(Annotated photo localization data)
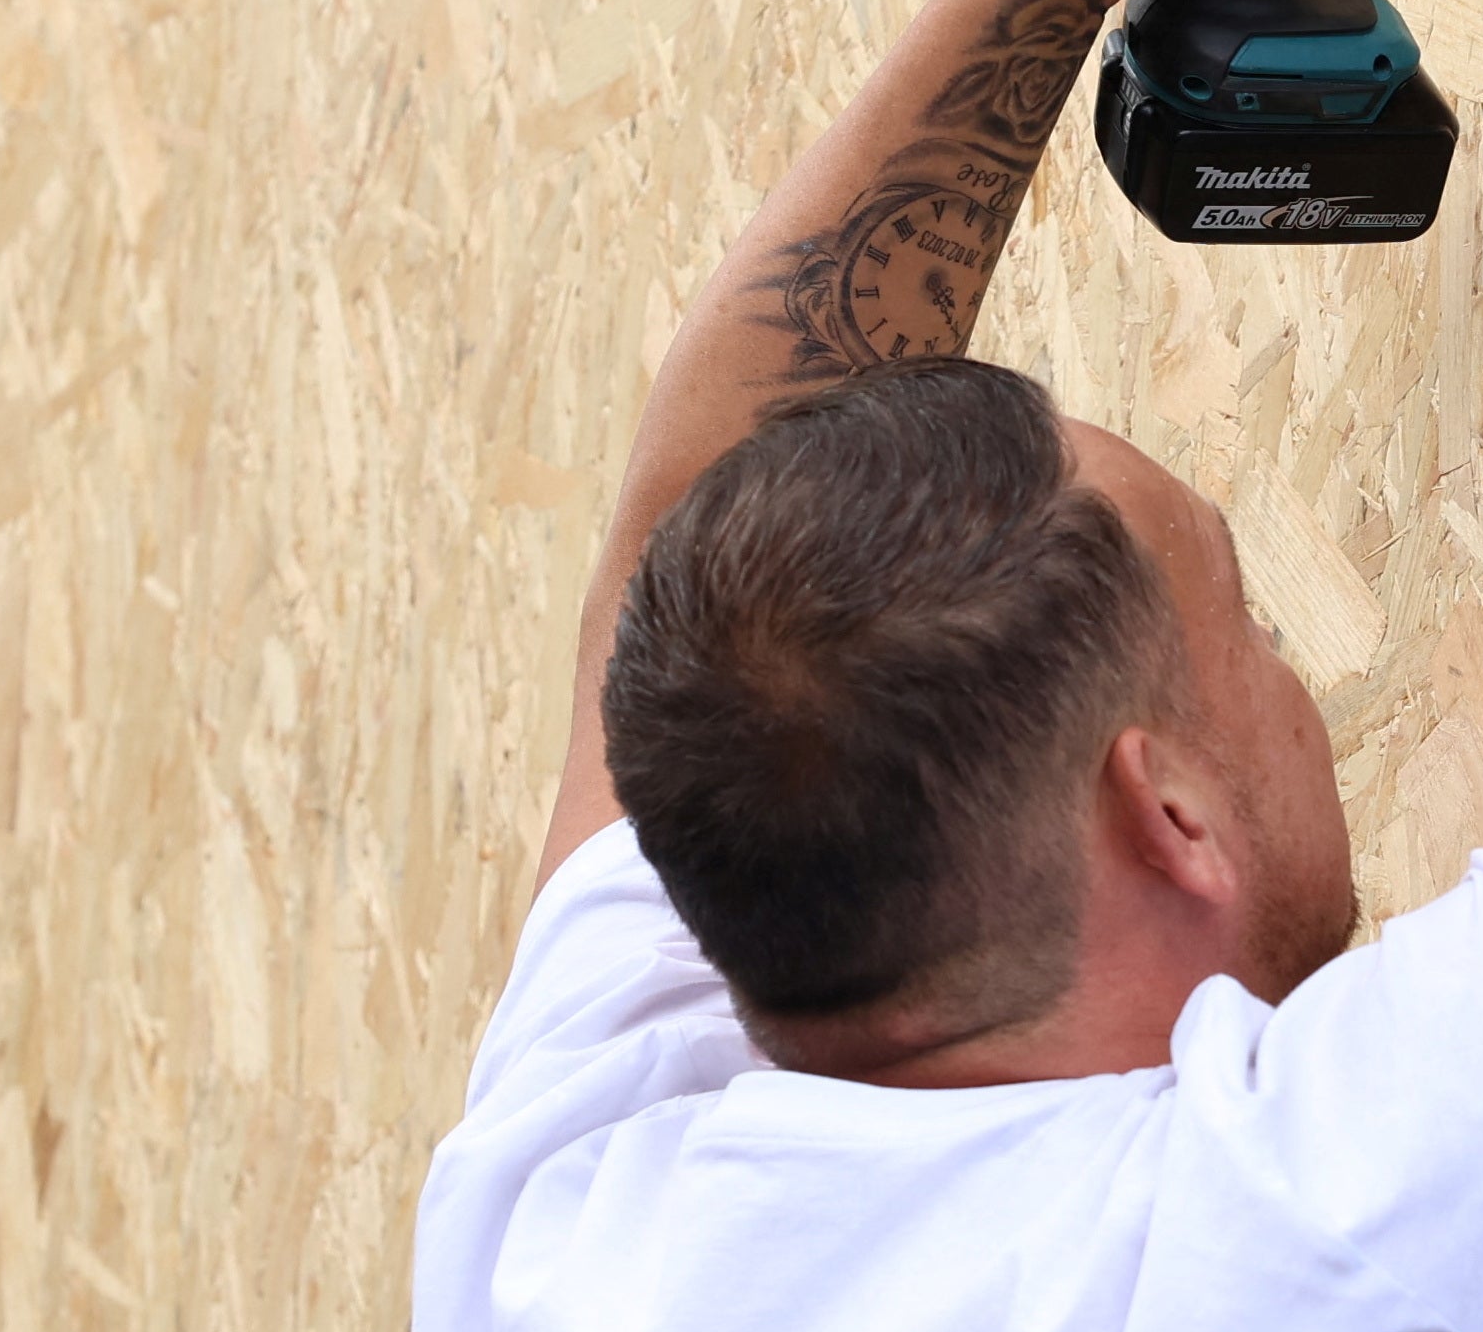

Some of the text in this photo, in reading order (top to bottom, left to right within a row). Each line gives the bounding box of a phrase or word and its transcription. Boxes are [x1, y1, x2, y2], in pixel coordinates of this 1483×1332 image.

[957, 163, 1027, 212] Rose
[1195, 166, 1311, 189] Makita
[1200, 197, 1427, 229] 5.0Ah 18V LITHIUM-ION
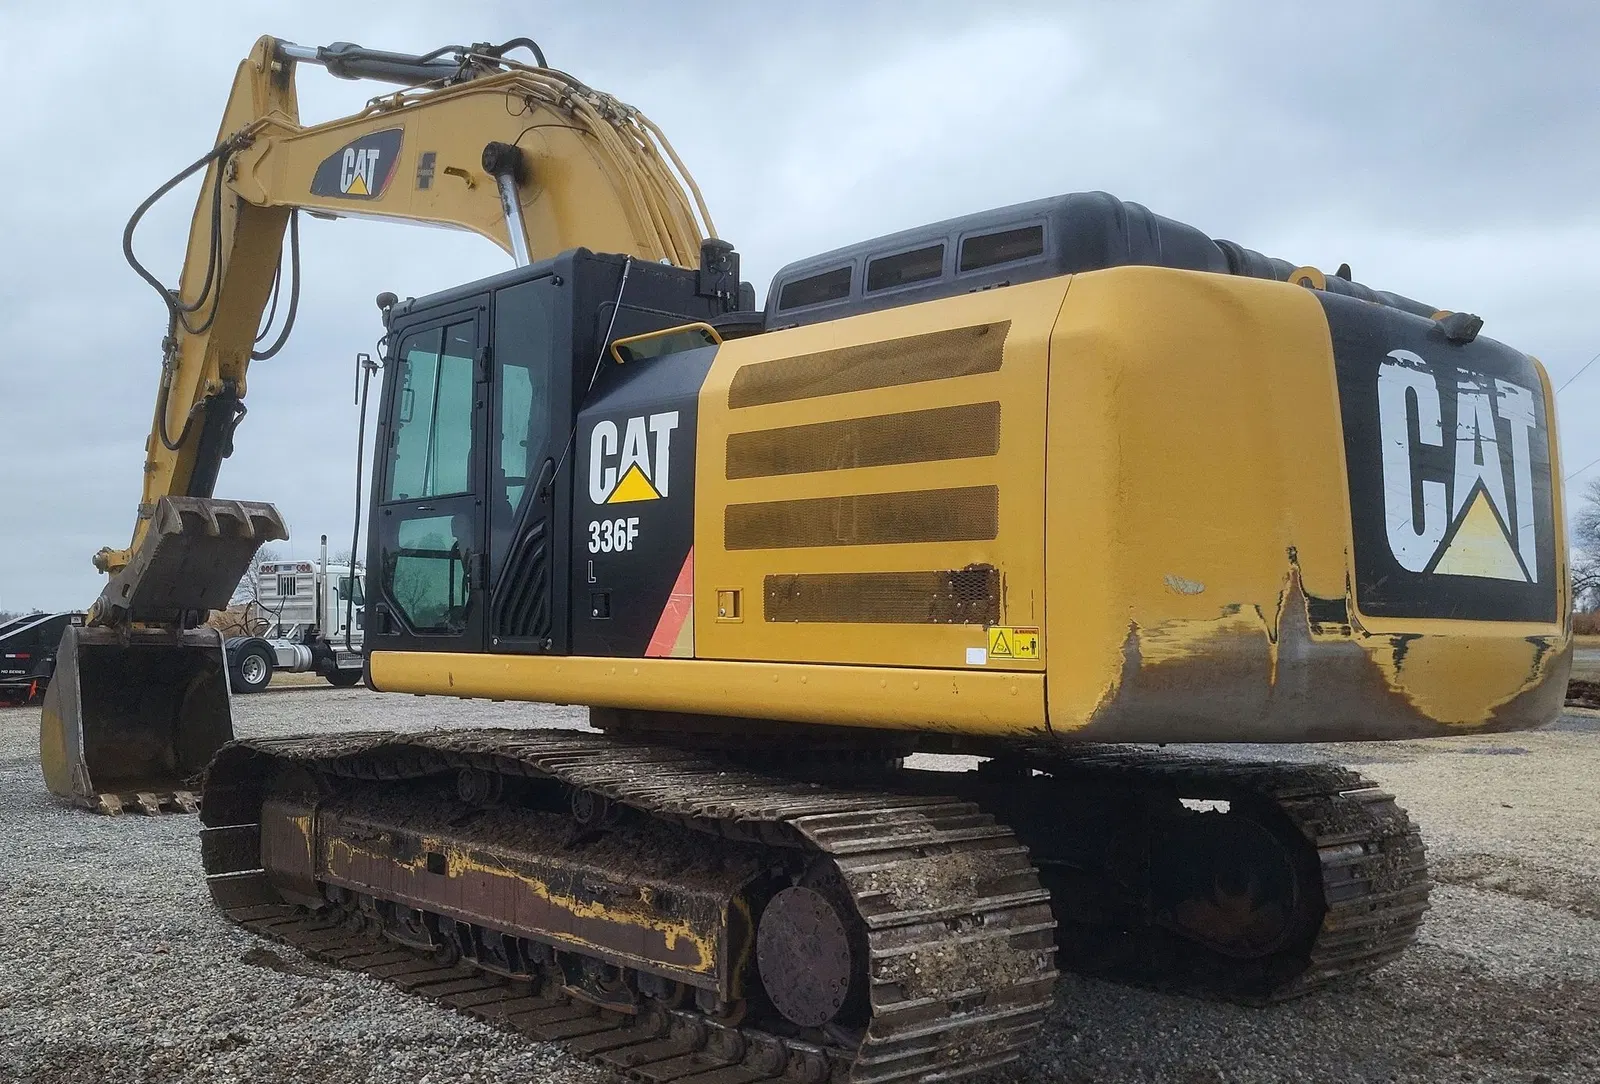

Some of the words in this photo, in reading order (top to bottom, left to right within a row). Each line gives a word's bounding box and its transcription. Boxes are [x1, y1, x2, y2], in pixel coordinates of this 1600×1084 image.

(Exercise prompt): Could you restate every entry above word for word, leaving out the pictures?

(Result below):
Some of the text in this photo, in reading order (top to bottom, left to right within a row). Each line gives the bounding box of a phrase or word and its transcription. Boxes are [x1, y1, x2, y2], in pixel coordinates of this 1483×1332 image.

[957, 163, 1027, 212] Rose
[1195, 166, 1311, 189] Makita
[1200, 197, 1427, 229] 5.0Ah 18V LITHIUM-ION

Some of the words in this photo, in reading order (top to bottom, left to right within a row). Each line gives a word's bounding box and its transcription. Boxes are [x1, y1, x2, y2], in pixel coordinates of this 1600×1084 image.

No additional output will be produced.